The spotlight can return now to the government, which after a year of playing shark cards on CSC has achieved nothing of its ambition to scrap the National Programme.

It hasn't scrapped the programme because it can't simply tear up its contracts. It may not want to either. It outsourced the work. CSC, its outsourcer, invested $1.5bn in it. It developed an albeit unfinished suite of next-generation health software. It wants the guaranteed return on investment the NHS deal originally promised.

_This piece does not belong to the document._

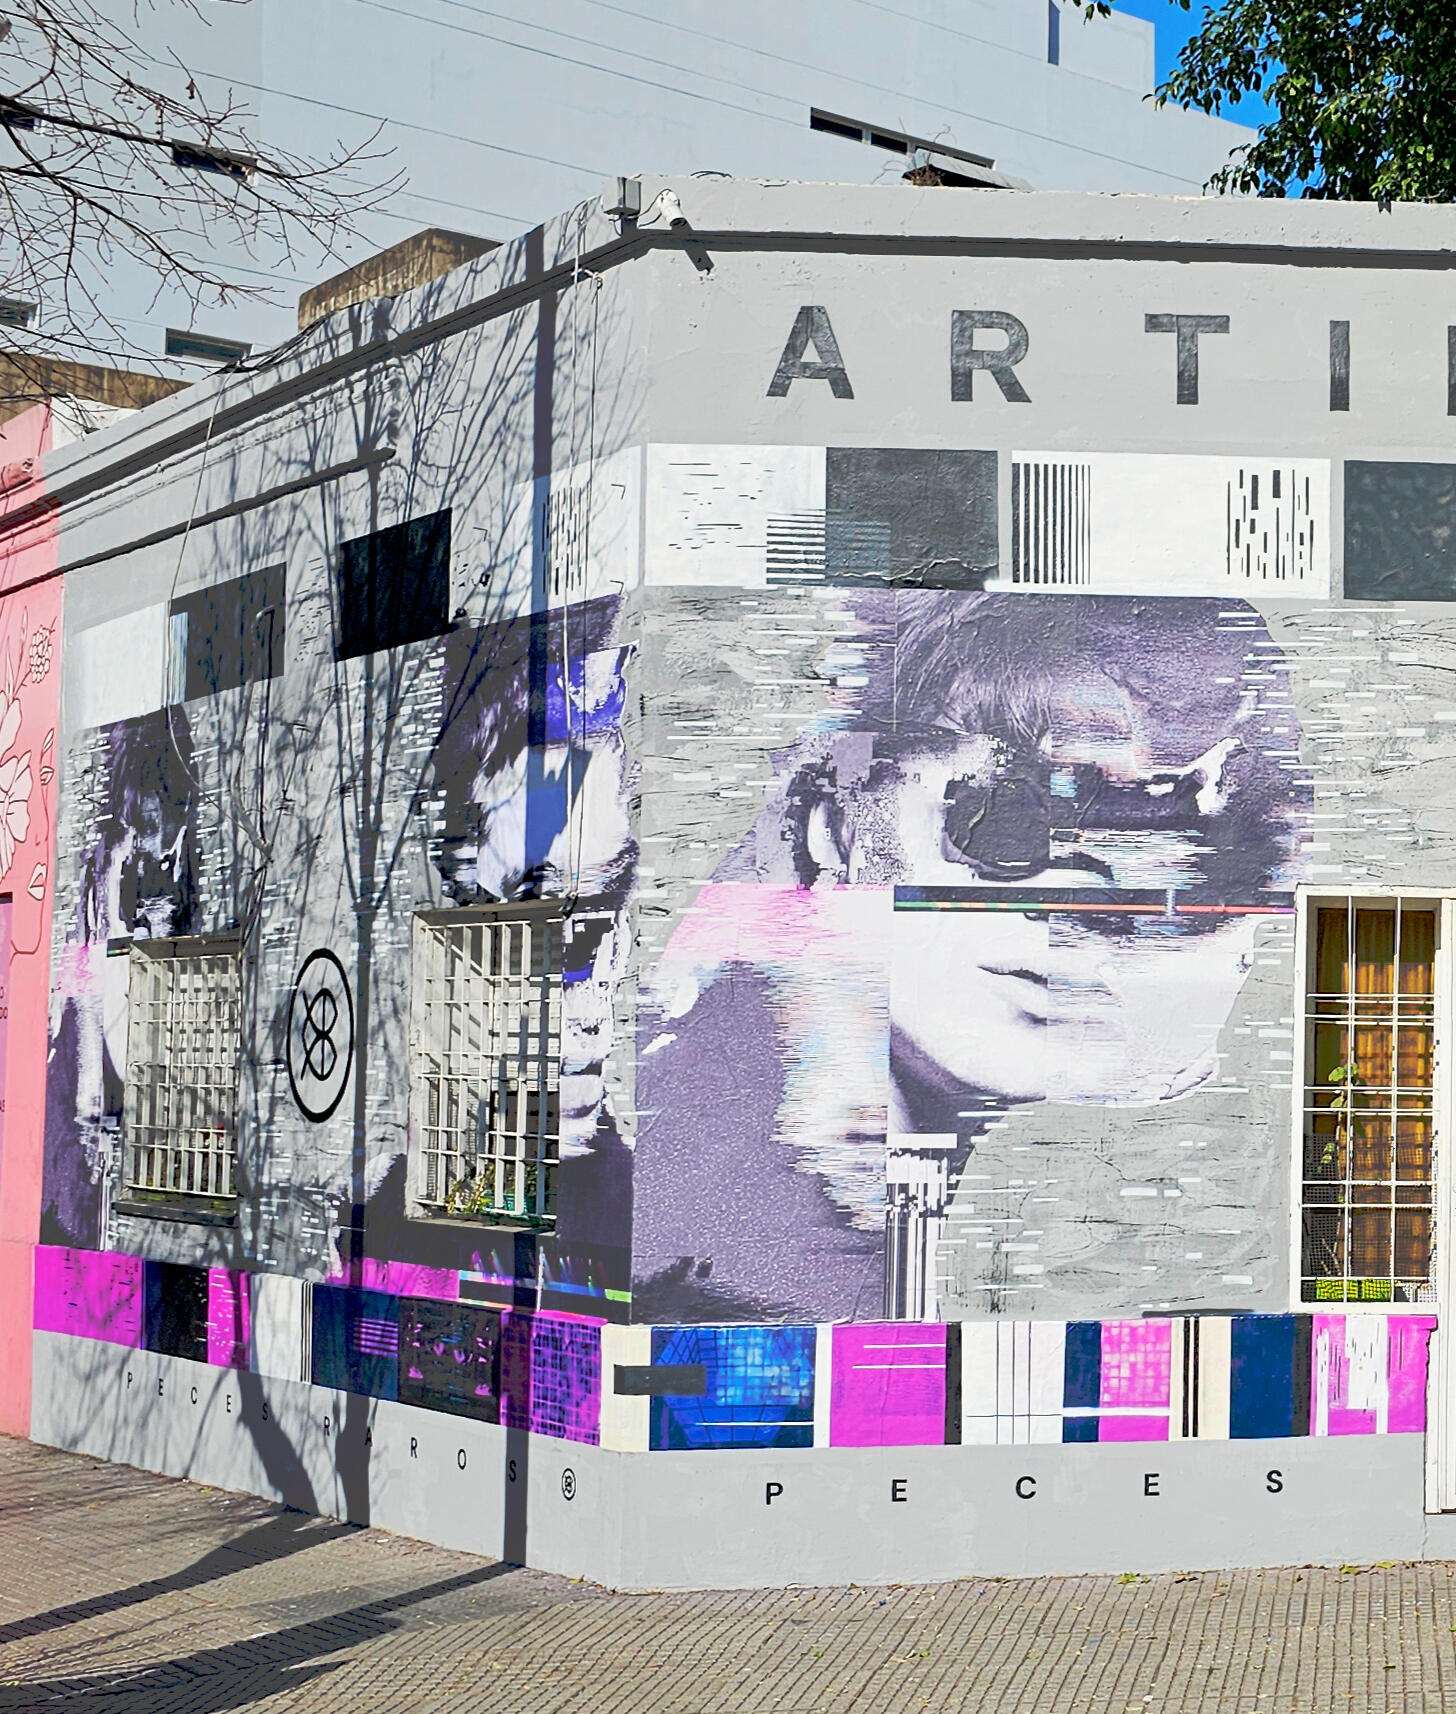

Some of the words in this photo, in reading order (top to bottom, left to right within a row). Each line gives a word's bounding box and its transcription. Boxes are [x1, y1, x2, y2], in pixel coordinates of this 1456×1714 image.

Unable to cancel the contract, the Cabinet Office has been able only to stall while the political machine piles up evidence in condemnation of the programme. If public opinion turned the contract toxic, CSC would have to get rid of it; NPfIT could be scrapped.

Public relations

This seemed to be the game when in February the NHS interrupted ongoing negotiations with CSC to issue a public threat of contract termination. CSC was still missing deadlines for systems it was originally contracted to deliver in 2007. But NHS couldn't terminate the contract without facing the question of its own liability for the project's failure.

So Cabinet Office forbade NHS from signing the deal until its Major Projects Authority had reviewed the project and issued a verdict on the MOU. The evidence meanwhile stacked up against NPfIT and CSC.

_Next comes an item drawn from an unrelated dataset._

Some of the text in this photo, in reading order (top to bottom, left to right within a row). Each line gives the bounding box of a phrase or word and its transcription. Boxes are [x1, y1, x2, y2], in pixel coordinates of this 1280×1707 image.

Negotiations reached a preliminary conclusion in May, in the shadow of a damning National Audit Office report into NPfIT's failure and the part CSC and other suppliers had played in it. But the terms (when leaked - Public Accounts Committee hearings that month were denied details) did not look pleasant: a one sixth cut in the £3bn cost of the contract in exchange for nearly a third fewer implementations and a year added to the contract term.

The MPA was apparently not content. Within weeks NHS CIO Christine Connelly was replaced with a Cabinet Office executive. MPA delivered its review, recommending the NHS extract further concessions from CSC, effectively condemning the MOU to the shredder. But the document was classified and seen by only a limited number of ministers and civil servants. CSC carried on in the belief that the review had not yet been completed. When CSC stated this in a statutory report to shareholders on 15 June, MPA stayed schtum.

MPA stayed schtum again on 3 August when the Public Accounts Committee produced its report into NPfIT, calling for some sort of review to consider terminating the contracts.


The MPA also stayed schtum when on 10 August CSC said in a statutory statement to shareholders that the MOU was still waiting on the conclusion of the MPA review. It wasn't until September that the Department of Health finally admitted it had the review. It said it would consequently seek to dismantle the programme more quickly than it had been doing. But this was hogwash: it had not reached an agreement over CSC's £3bn contract.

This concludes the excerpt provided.